Installing these rules – according to wiki.debian.org:

iptables-restore < /etc/iptables.test.rules
iptables -L # Are these my rules?
iptables-save > /etc/iptables.up.rules

Activating iptable rules at boot time requires a file /etc/network/if-pre-up.d/iptables (as a shell script, it requires x permissions):

#!/bin/sh
/sbin/iptables-restore < /etc/iptables.up.rules

Nowadays, the same is needed for IPv6 with some minor changes because ICMP plays a far more important role in this version:

 *filter

-P INPUT DROP
-P FORWARD DROP
-P OUTPUT ACCEPT

# -A INPUT -m rt --rt-type 0 --rt-segsleft 0 -j DROP
# -A FORWARD -m rt --rt-type 0 --rt-segsleft 0 -j DROP
# -A OUTPUT -m rt --rt-type 0 --rt-segsleft 0 -j DROP

-A INPUT -m state --state ESTABLISHED,RELATED -j ACCEPT

-A INPUT -p ipv6-icmp -j ACCEPT

-A INPUT -i lo -j ACCEPT

-A INPUT -m state --state NEW -m udp -p udp --dport 546 -d fe80::/64 -j ACCEPT

-A INPUT -m state --state NEW -m tcp -p tcp --dport 22 -j ACCEPT

# -A INPUT -j REJECT --reject-with icmp6-port-unreachable
# -A FORWARD -j REJECT --reject-with icmp6-port-unreachable

COMMIT

Enabling these rules goes the same way as with IPv4 with the sole exception that ip6tables, iptables-restore and ip6tables-save must be called.

A pair of keys for ssh

ssh-keygengenerates the key pair (private key keyname and public key keyname.pub). The easiest but somewhat more dangerous way is to use passphrase-less keys. Keys may be hardened against brute force attacks by increasing the number of rounds (-a 128) and by making the keys longer (-t rsa -b 4096). Don’t forget to add a comment -C "comment" to the public key which makes it easier to be recognized:

ssh-keygen -a 128 -t rsa -b 4096 -C "comment" -f "keyname"

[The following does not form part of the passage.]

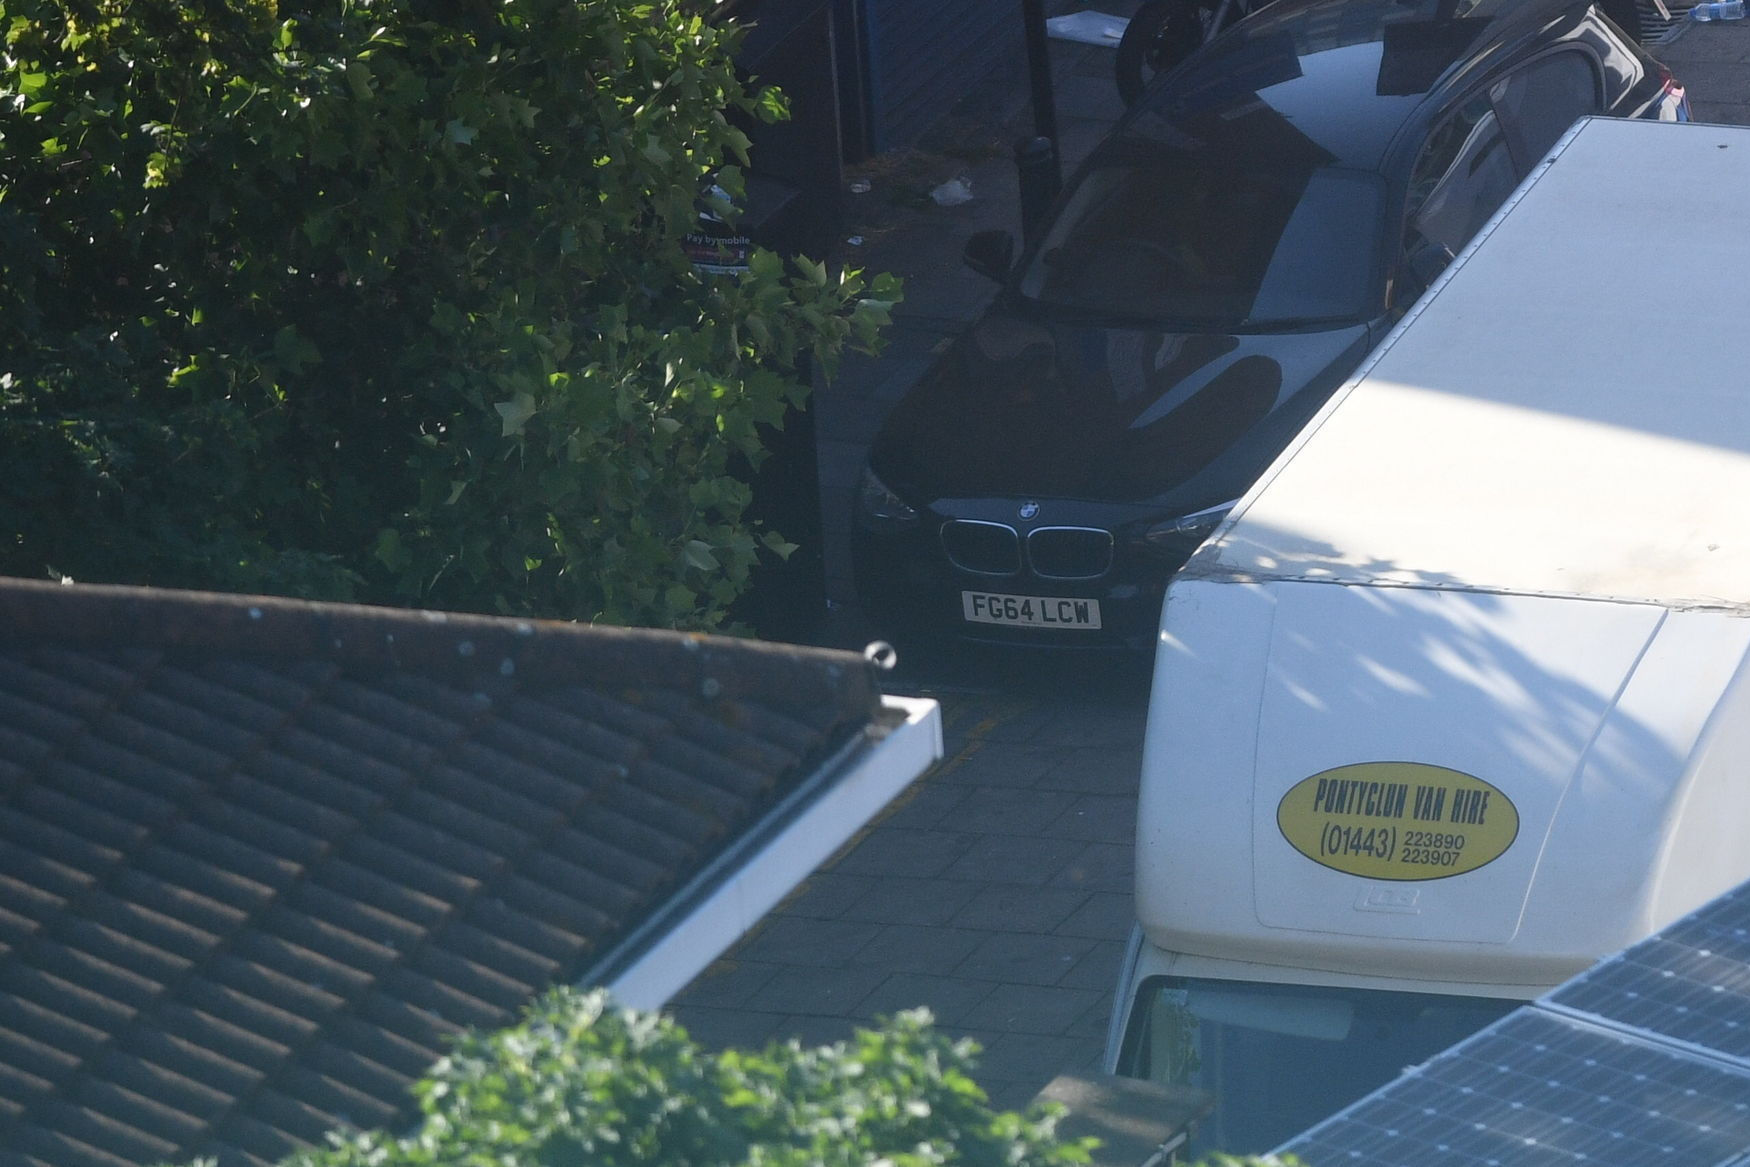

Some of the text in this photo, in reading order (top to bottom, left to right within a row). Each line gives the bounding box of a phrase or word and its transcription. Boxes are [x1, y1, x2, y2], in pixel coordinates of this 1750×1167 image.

The private key is needed on any host used as a source for logging in. Any target system needs a .ssh subdirectory in the home of the user allowed to login remotely with rwx permissions for the owner (chmod 700). A file called authorized_keys is needed which holds the public keys of all remote hosts from where a login happens (rw permissions for owner (chmod 600) and make sure that the owner actually owns this file). The public key can be appended by using cator it can be copied from a remote machine using ssh-copy-id -i @. ssh-copy-id works with localhost in case the keys are generated on the target machine.